▶ Task instructions
Set down each line of the data below exactly as it stands, dropping the pictures.

Recorded data:
+++++
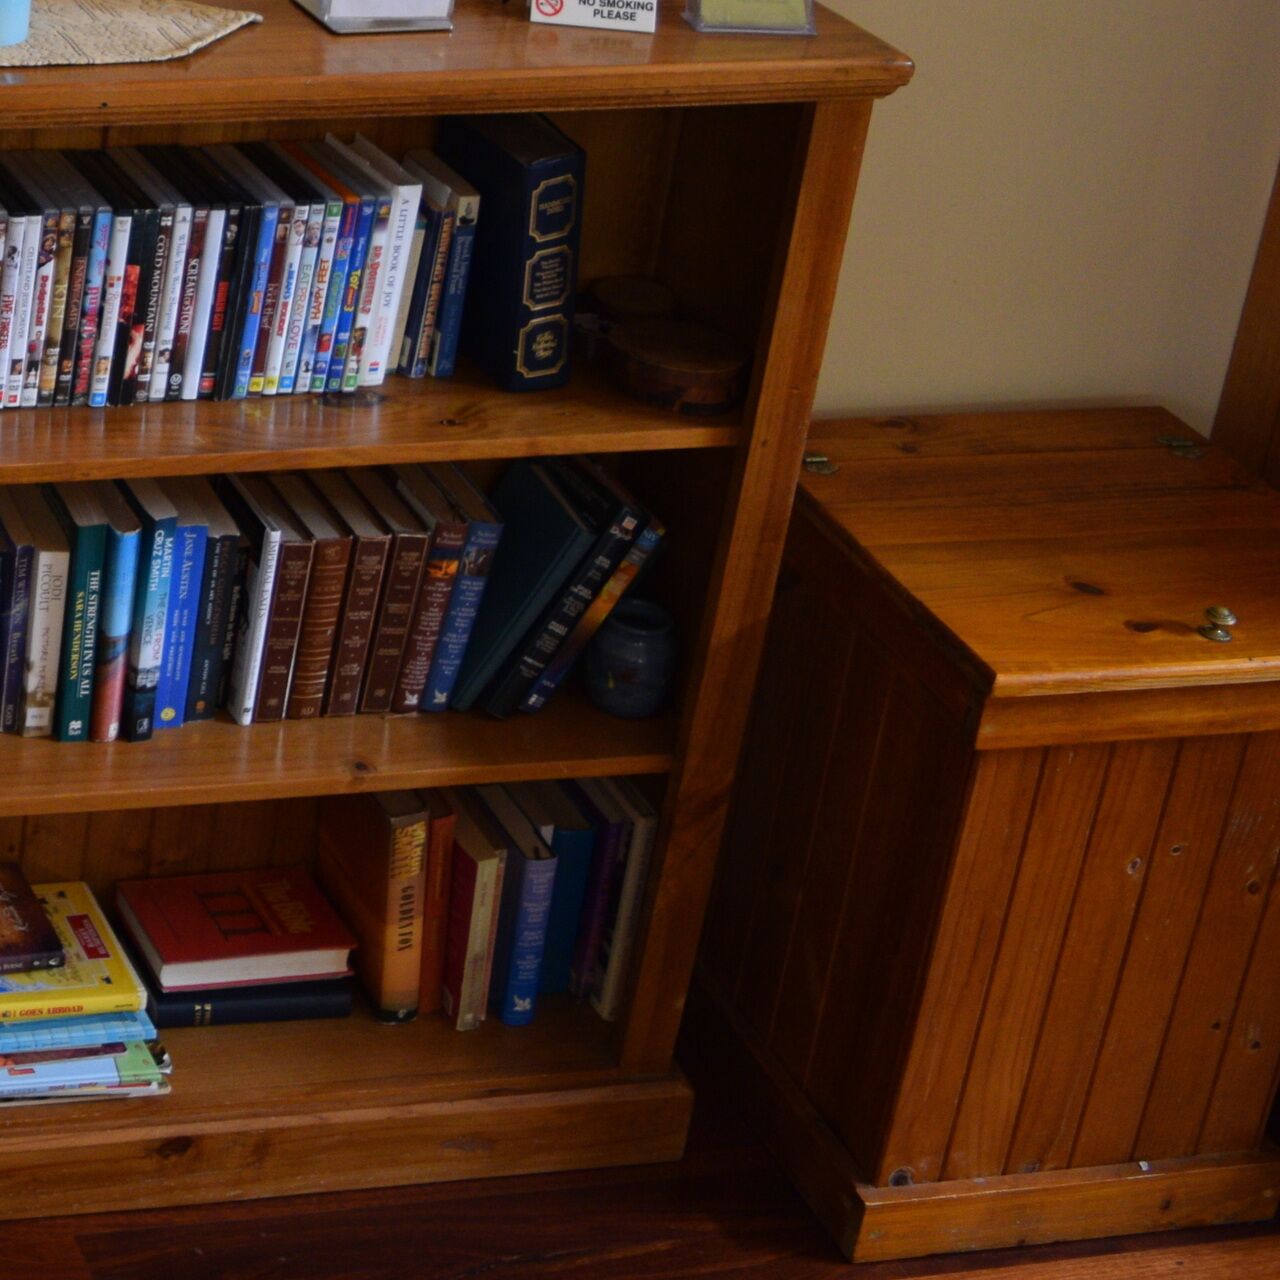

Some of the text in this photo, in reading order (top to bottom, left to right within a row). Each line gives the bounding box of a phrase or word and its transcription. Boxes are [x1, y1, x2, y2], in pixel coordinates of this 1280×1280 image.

[593, 9, 637, 21] PLEASE
[144, 235, 166, 332] COLD MOUNTAIN
[310, 286, 323, 320] HAPPY
[1, 295, 14, 314] FIVE
[288, 264, 312, 350] EAT LOVE
[17, 557, 27, 577] TIM
[149, 529, 165, 591] CRUZ SMITH
[161, 537, 174, 578] MARTIN
[179, 532, 197, 600] JANE AUSTEN
[38, 563, 52, 613] PICOULT
[51, 575, 63, 603] JODI
[69, 591, 85, 680] SARA HENDERSON
[79, 570, 101, 697] THE STRENGTH IN US ALL
[143, 614, 154, 645] VENICE
[19, 1007, 43, 1017] GOES
[47, 1005, 83, 1016] ABROAD
+++++
▶ Solution to the exercise
Some of the text in this photo, in reading order (top to bottom, left to right within a row). Each line gives the bounding box of a phrase or word and its transcription. Boxes are [x1, y1, x2, y2], in pixel coordinates of this 1280×1280 image.

[593, 9, 637, 21] PLEASE
[144, 235, 166, 332] COLD MOUNTAIN
[310, 286, 323, 320] HAPPY
[1, 295, 14, 314] FIVE
[288, 264, 312, 350] EAT LOVE
[17, 557, 27, 577] TIM
[149, 529, 165, 591] CRUZ SMITH
[161, 537, 174, 578] MARTIN
[179, 532, 197, 600] JANE AUSTEN
[38, 563, 52, 613] PICOULT
[51, 575, 63, 603] JODI
[69, 591, 85, 680] SARA HENDERSON
[79, 570, 101, 697] THE STRENGTH IN US ALL
[143, 614, 154, 645] VENICE
[19, 1007, 43, 1017] GOES
[47, 1005, 83, 1016] ABROAD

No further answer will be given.